The law targets puppy mills and kitten factories who are notorious for animal abuse. They often operation with little oversight from any government agencies and house animals in horrible living conditions including overcrowding, lack of socialization, unsanitary conditions and inadequate food and water according to a fact sheet used for the legislation.
This law is a huge step forward for the crusade of the animal rescue workers who work tirelessly for the ethical treatment of animals and to reduce the number of dogs and cats who are ultimately euthanized each year. According to ASPCA, approximately 1.5 million shelter animals, are euthanized each year and most of the time, it is because shelters just don’t have the capacity or the resources to house so many animals.
It costs California taxpayers a $250 million dollars each year to house animals in local shelters. It is forcasted that this new law will drop this cost significantly while choking profits for puppy mills with the hopes that these for profit businesses will eventually cease to exist.
California might be the first state, but there are already approximately 250 cities and municipalities that already have laws on the books that has banned the sales of “breeder” dogs and cats, Chicago and Cook County being part of this group with ordinances as of 2014.
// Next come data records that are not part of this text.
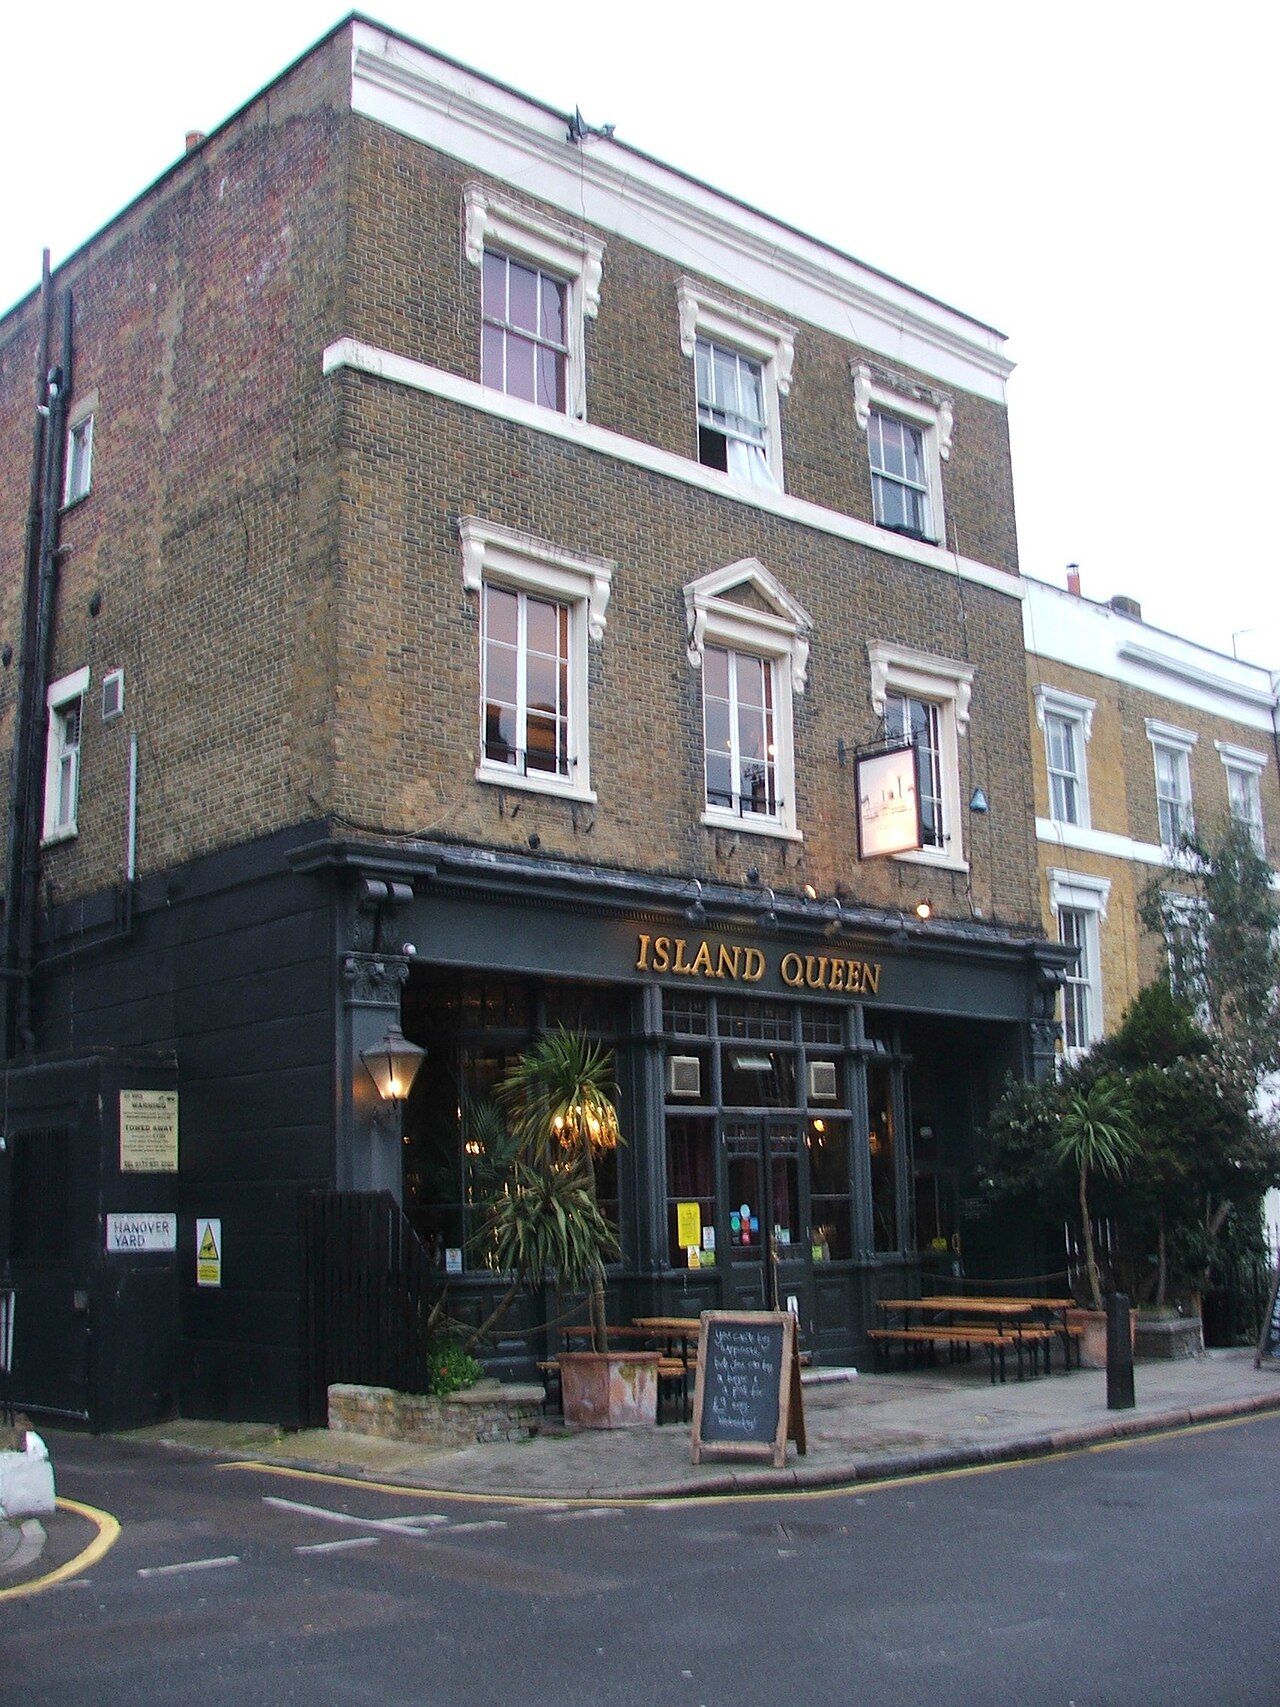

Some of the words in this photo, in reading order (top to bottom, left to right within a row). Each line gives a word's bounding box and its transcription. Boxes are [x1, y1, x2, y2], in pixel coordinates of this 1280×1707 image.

[637, 934, 766, 982] ISLAND
[780, 951, 881, 995] QUEEN
[125, 1124, 150, 1132] TOWED
[153, 1124, 173, 1132] AWAY
[114, 1221, 169, 1234] HANOVER
[115, 1234, 145, 1247] YARD
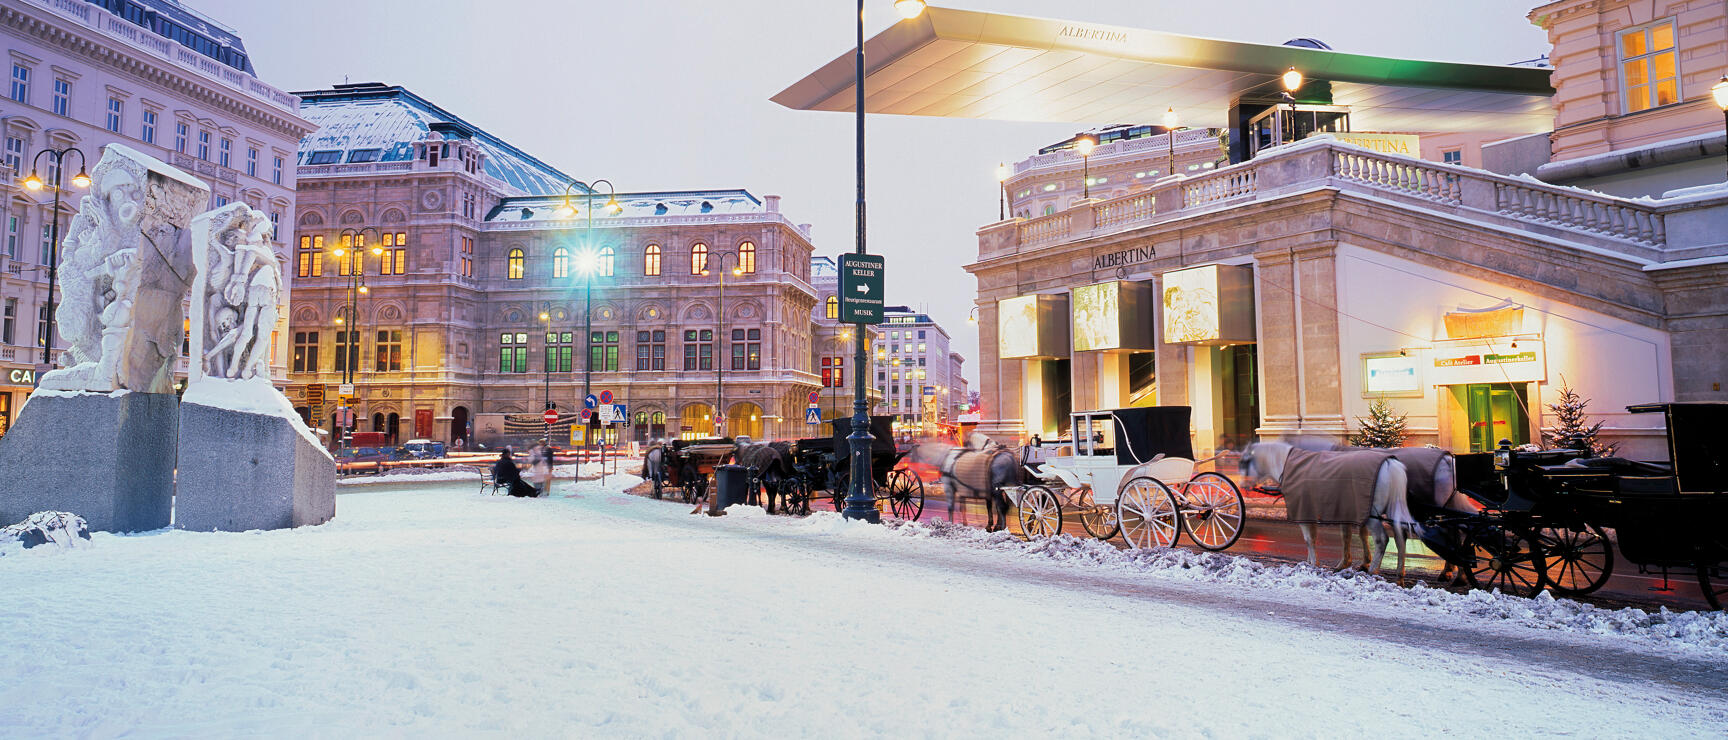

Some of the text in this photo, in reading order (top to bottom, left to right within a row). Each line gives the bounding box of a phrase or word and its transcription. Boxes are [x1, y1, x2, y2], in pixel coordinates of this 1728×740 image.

[1059, 25, 1127, 42] ALBERTINA
[1094, 244, 1156, 269] ALBERTINA
[845, 260, 883, 270] AUGUSTINER
[852, 269, 875, 277] KELLER
[854, 308, 873, 316] MUSIK
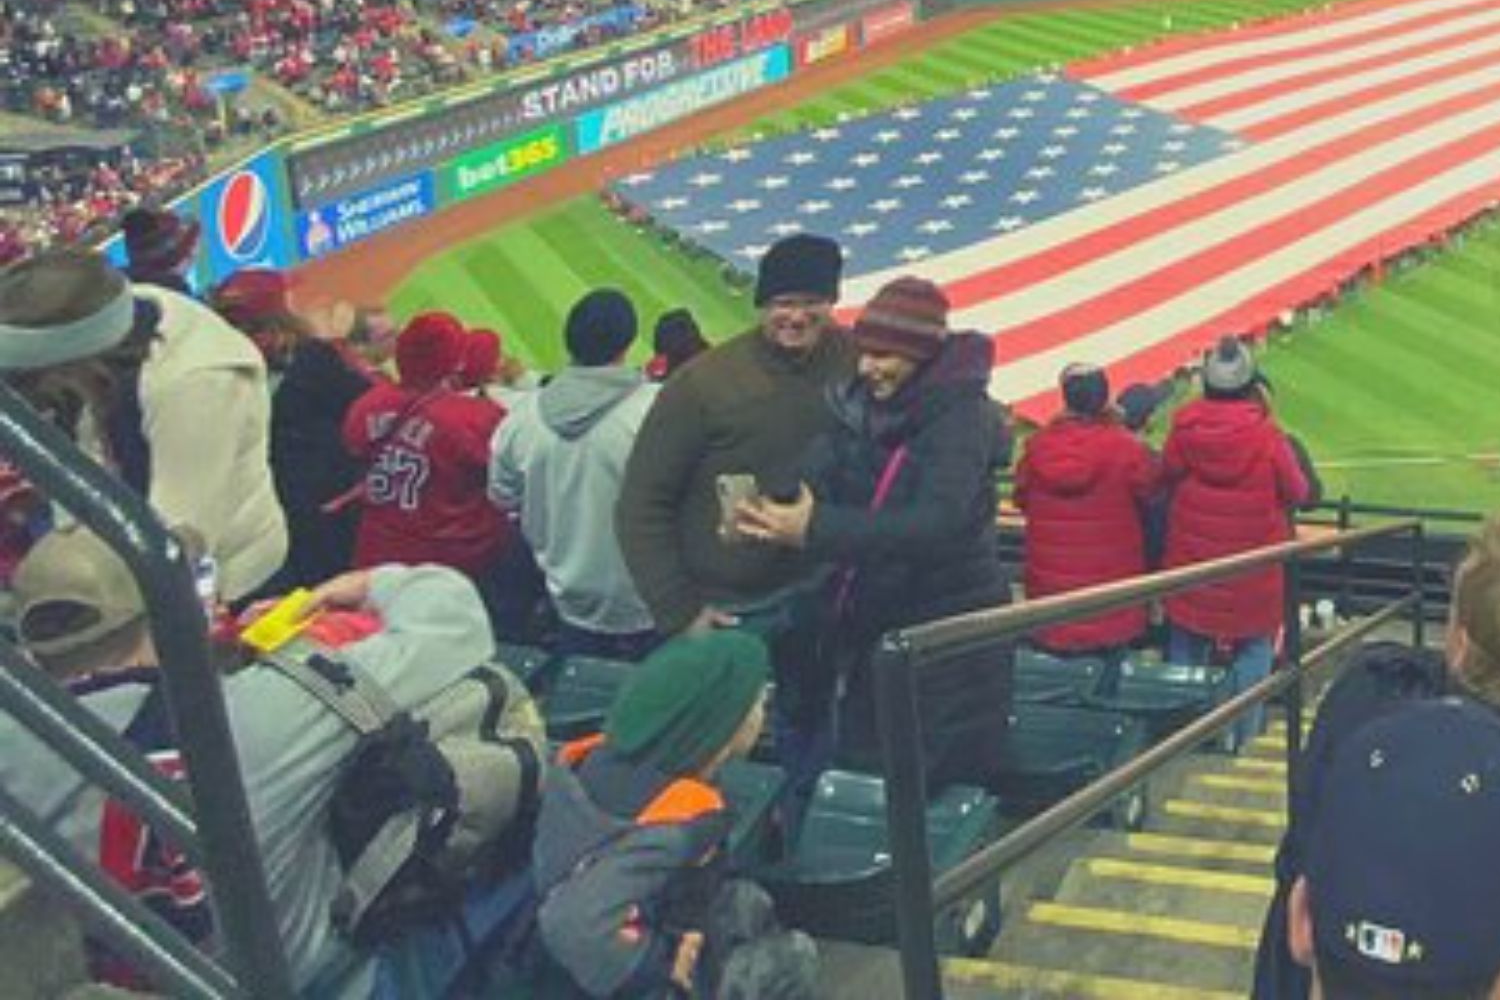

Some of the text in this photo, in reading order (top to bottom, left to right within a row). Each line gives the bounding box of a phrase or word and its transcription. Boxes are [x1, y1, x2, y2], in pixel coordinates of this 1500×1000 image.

[521, 65, 619, 121] STAND
[622, 48, 677, 91] FOR
[457, 134, 557, 190] bet365
The only store that can be found in the Oak Forest area, via an internet search, that still sells puppies is Happiness is Pets in Orland Park. Happiness is Pets has been linked to puppy mills and has been protested for years by the likes of organizations such as the CAPS(Companion Animal Protection Society). The reason that Orland Park still can have such a business even though there is an ordinance in Cook County is because of a home rule law that exists in Illinois. The home rule law states that any city that has a population over 25,000, can opt out of Cook County ordinances.
Crest Hill is the latest city to legislate the ban of puppy mills dogs in Illinois. Crest Hill has one pet store, Puppy in the Window, and according to the Chicago Tribune, City Administrator Heather McGuire said she believes the owners have decided to close the store, whose methods have been criticized by a local animal welfare organization.
“The tide is turning,” said Morgan Drdak. He is the founder of Safe Pets for Joliet which is an advocacy group who organized and picketed at the pet store. “On Friday, the entire state of California did this. We’re not surprised, and we’re hoping that more communities — whether they have a pet store or not — will go ahead and be proactive. This is how we can make a difference, this is how we can shut down the puppy mills, this is how we can change the way that animals are treated when they’re bred.”
The dream for all animal lovers is to end the senseless and heart breaking need to euthanize wonderful animals who have done nothing wrong except to have the misfortune of not having a forever home. This huge step from California is a step in the right direction and the hope is that one day, euthanize will be a word only referred to in the past tense.